O assunto surgiu por causa de um forte ciclone extratropical que se organizou na costa da Região Sul do Brasil. Todo ciclone extratropical, e os ciclones de forma geral, são áreas de baixa pressão atmosférica. Um ciclone é chamado de “ciclone bomba” quando a pressão atmosférica no seu centro cai 24 hPa em um período de 24 horas. Então, essa expressão existe e está ligada à esta situação de atenção, para queda acentuada da pressão em curto período de tempo.
TEMPO | Animação das imagens de satélite mostra ciclone bomba no Atlântico. Parece haver a formação de olho, mas é fenômeno chamado de isolamento quente no centro do sistema, característica de ciclones extratropicais intensos. Leia alerta atualizado em ?? https://t.co/6hPYaH5GVl pic.twitter.com/8nV2rsJqXH
— MetSul.com (@metsul) July 1, 2020
Mas, por que a pressão baixa é tão perigosa?
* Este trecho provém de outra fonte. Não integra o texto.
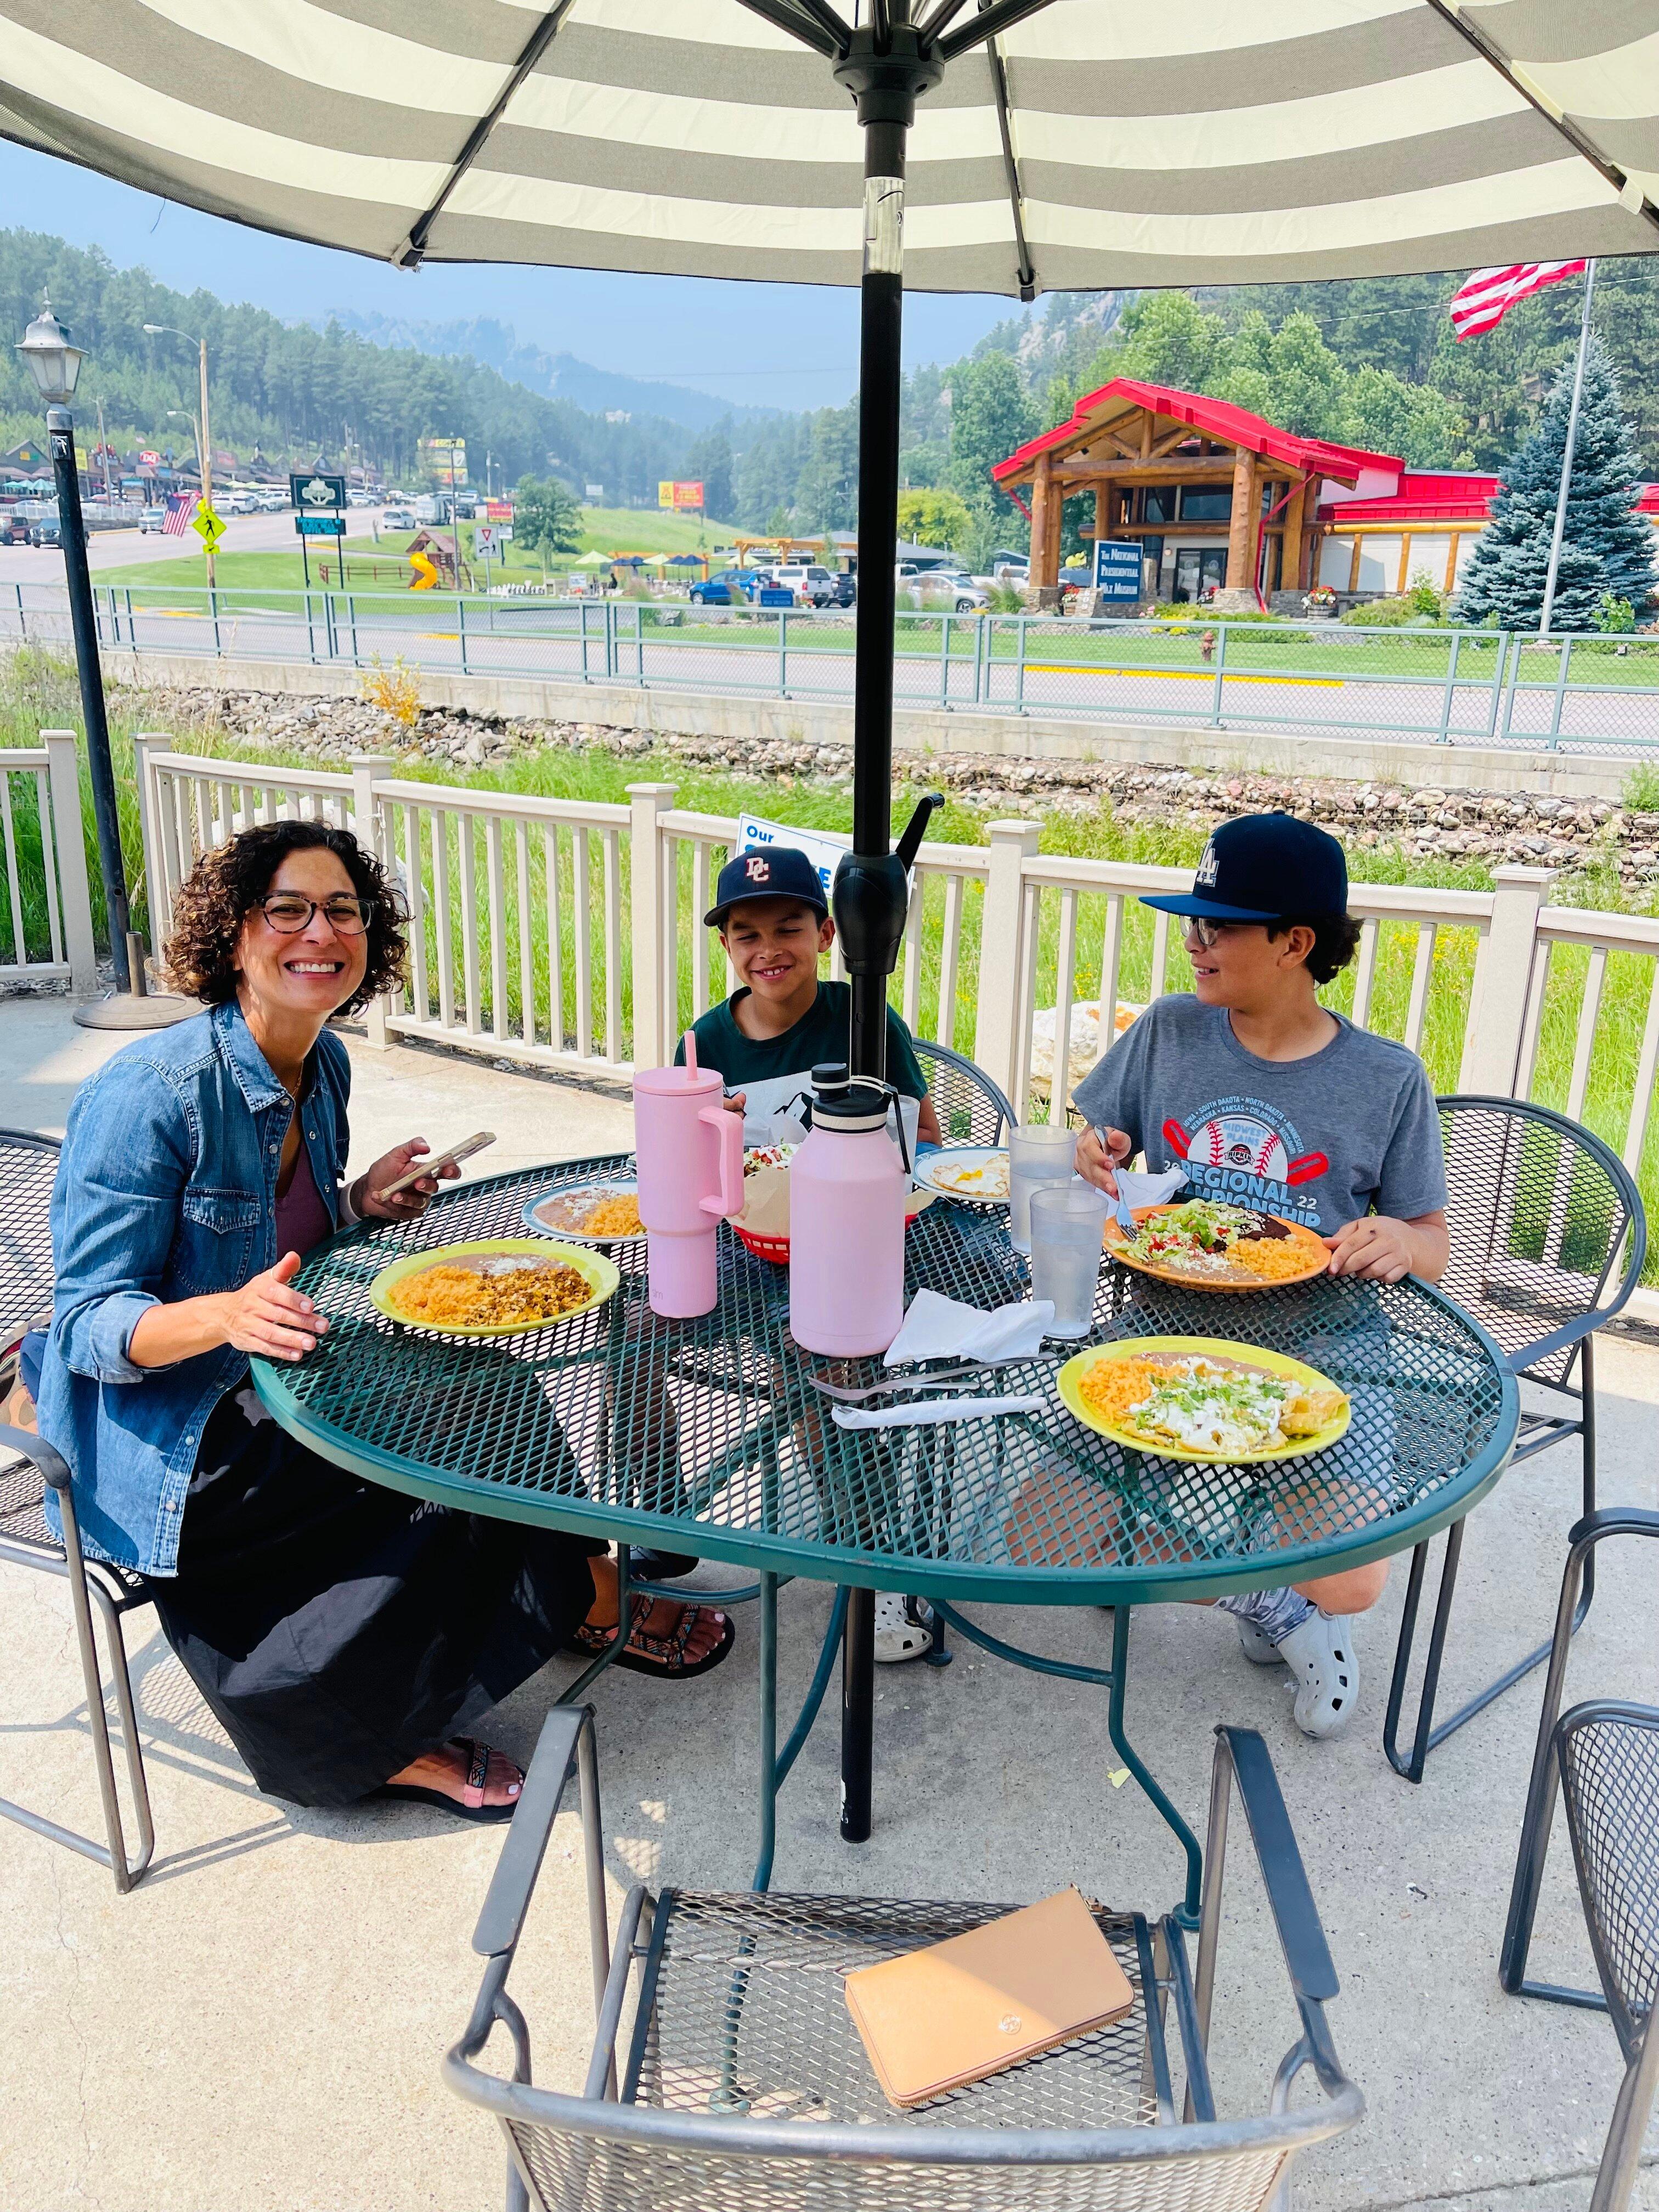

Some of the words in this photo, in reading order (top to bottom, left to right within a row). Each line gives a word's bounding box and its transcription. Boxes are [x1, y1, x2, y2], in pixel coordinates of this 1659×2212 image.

É por causa dos ventos fortes que estão associados estes ciclones intensos e que podem trazer problemas para a população.
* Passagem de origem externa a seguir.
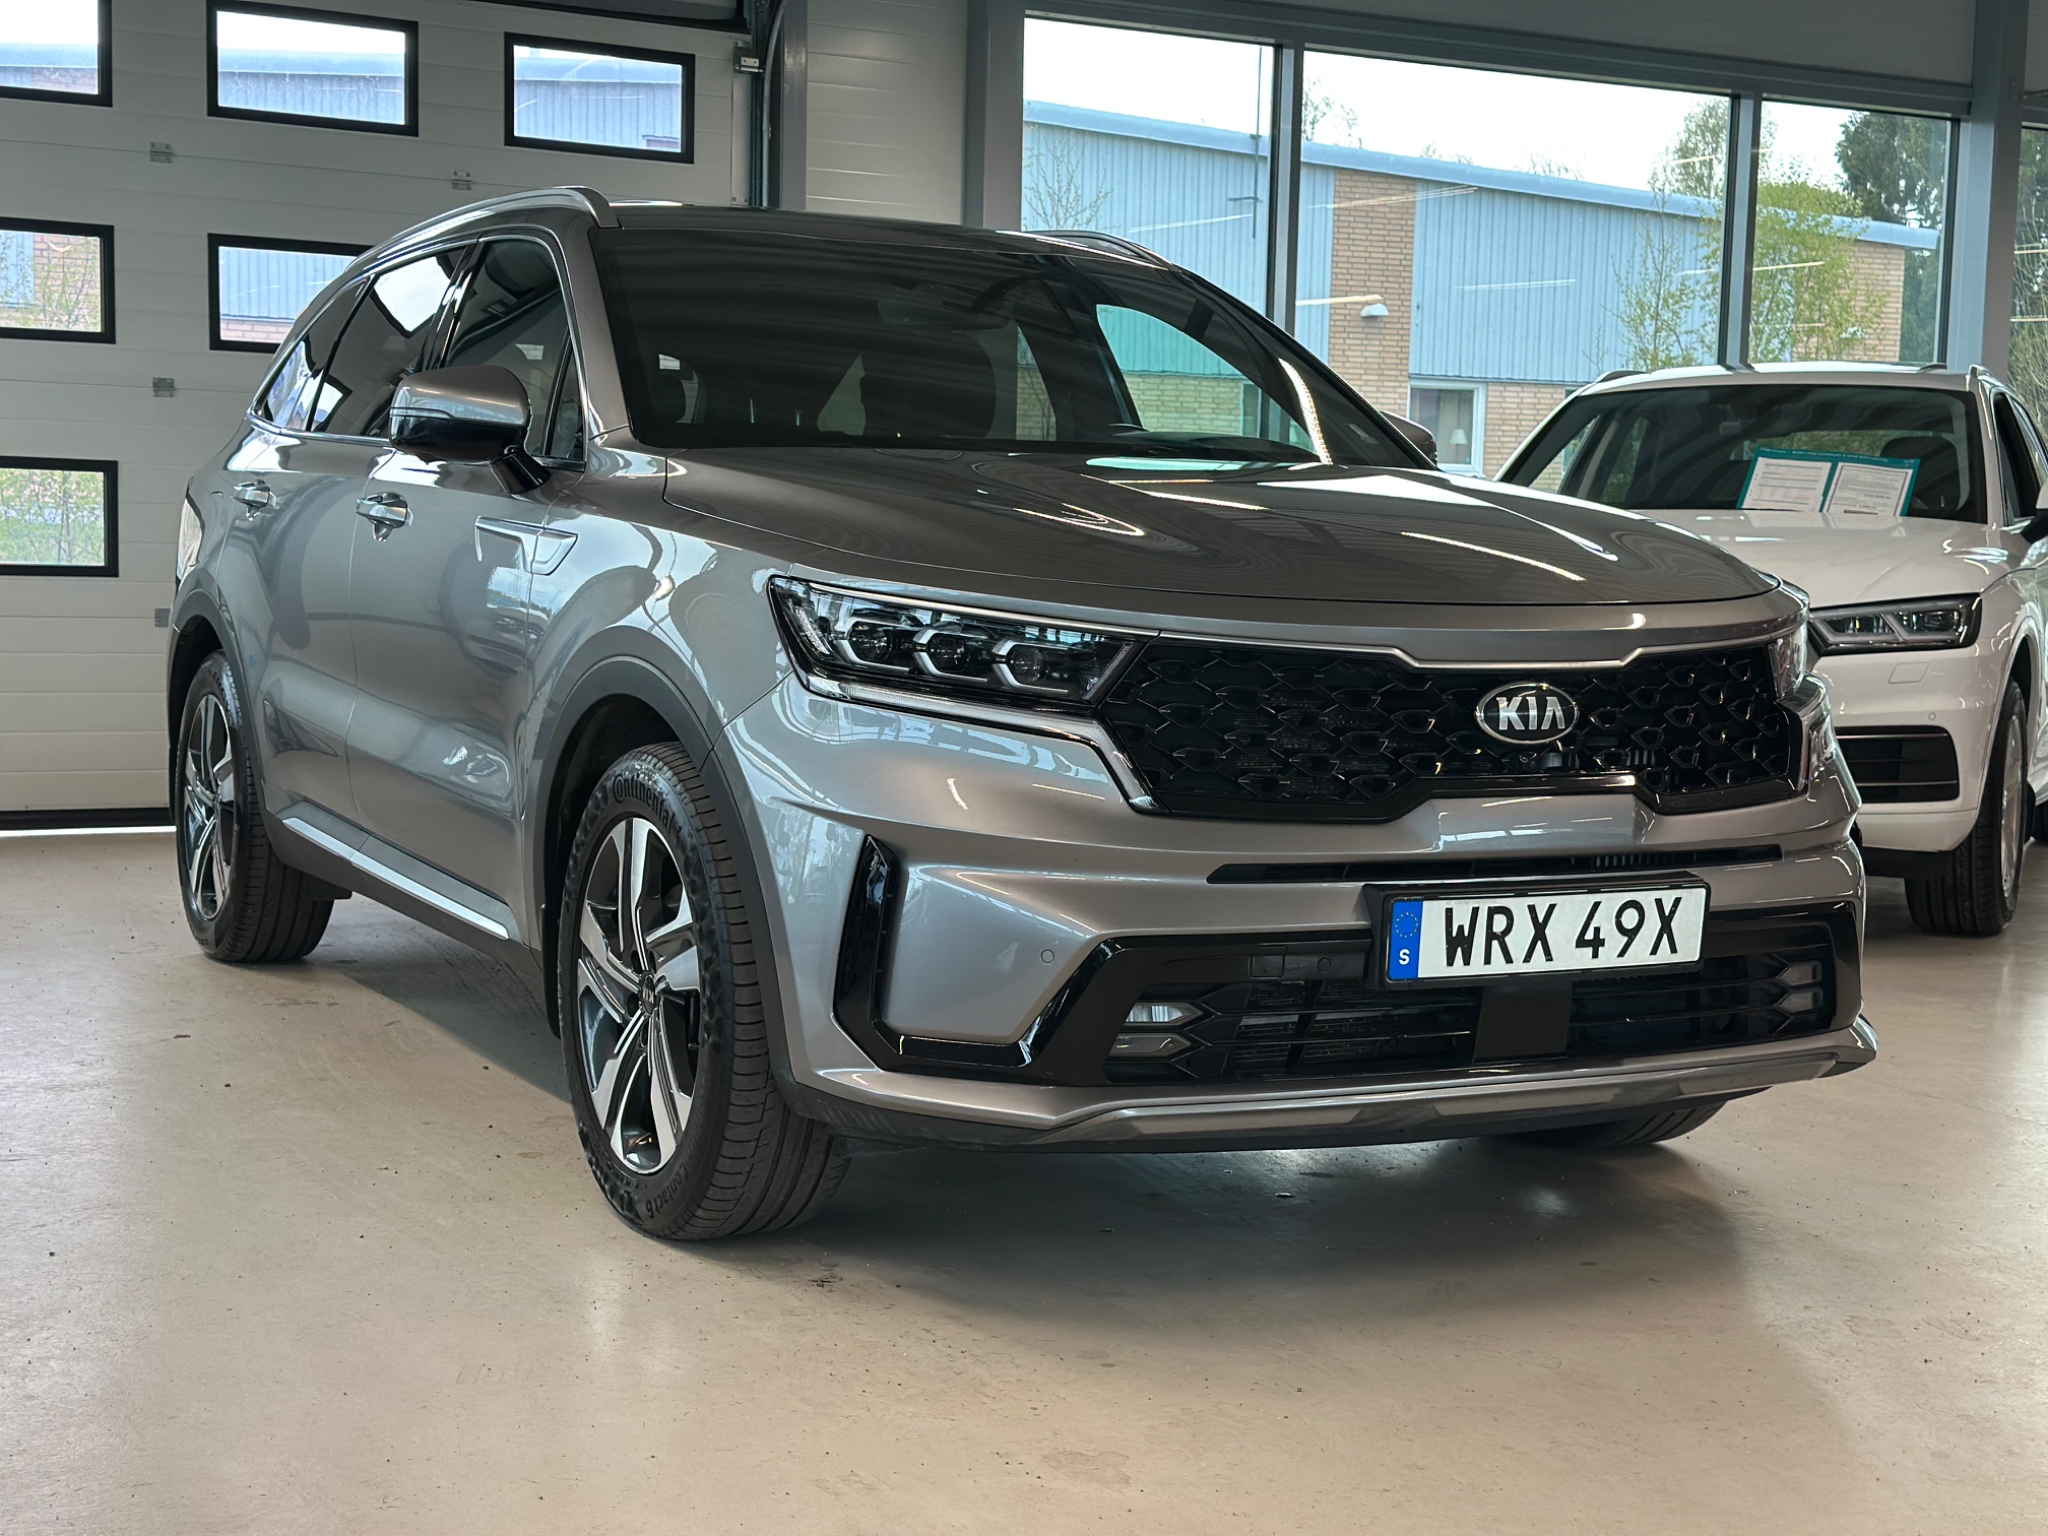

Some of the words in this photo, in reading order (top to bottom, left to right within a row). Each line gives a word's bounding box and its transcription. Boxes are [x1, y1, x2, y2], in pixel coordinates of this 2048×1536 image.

A pressão atmosférica é o peso da coluna de ar sobre a superfície. Então, sobre o mar, por exemplo quando a pressão do ar diminui, há menos força sobre a superfície da água. Por isso, o mar começa a ficar agitado, as ondas ficam altas e há risco, inclusive, para ressaca.
Nessas situações, em que a pressão do ar está muito baixa e o centro do ciclone está muito próximo ao continente, a situação é muito preocupante para a população local e também navegantes.
Como o ciclone se comporta nos próximos dias?
Nesta quarta-feira, 1º de julho, a pressão do ar cai ainda mais no centro do ciclone. A Climatempo alerta para fortes rajadas de vento entre 60 e 80 km/h na maioria das áreas da Região Sul. Algumas cidades do sul e leste do Rio Grande do Sul pode ter rajadas de até 100 km/h. E, além dos ventos, a Marinha do Brasil alerta também para mar muito agitado no litoral da Região, com risco de ressaca entre o Rio Grande do Sul e Florianópolis, em Santa Catarina.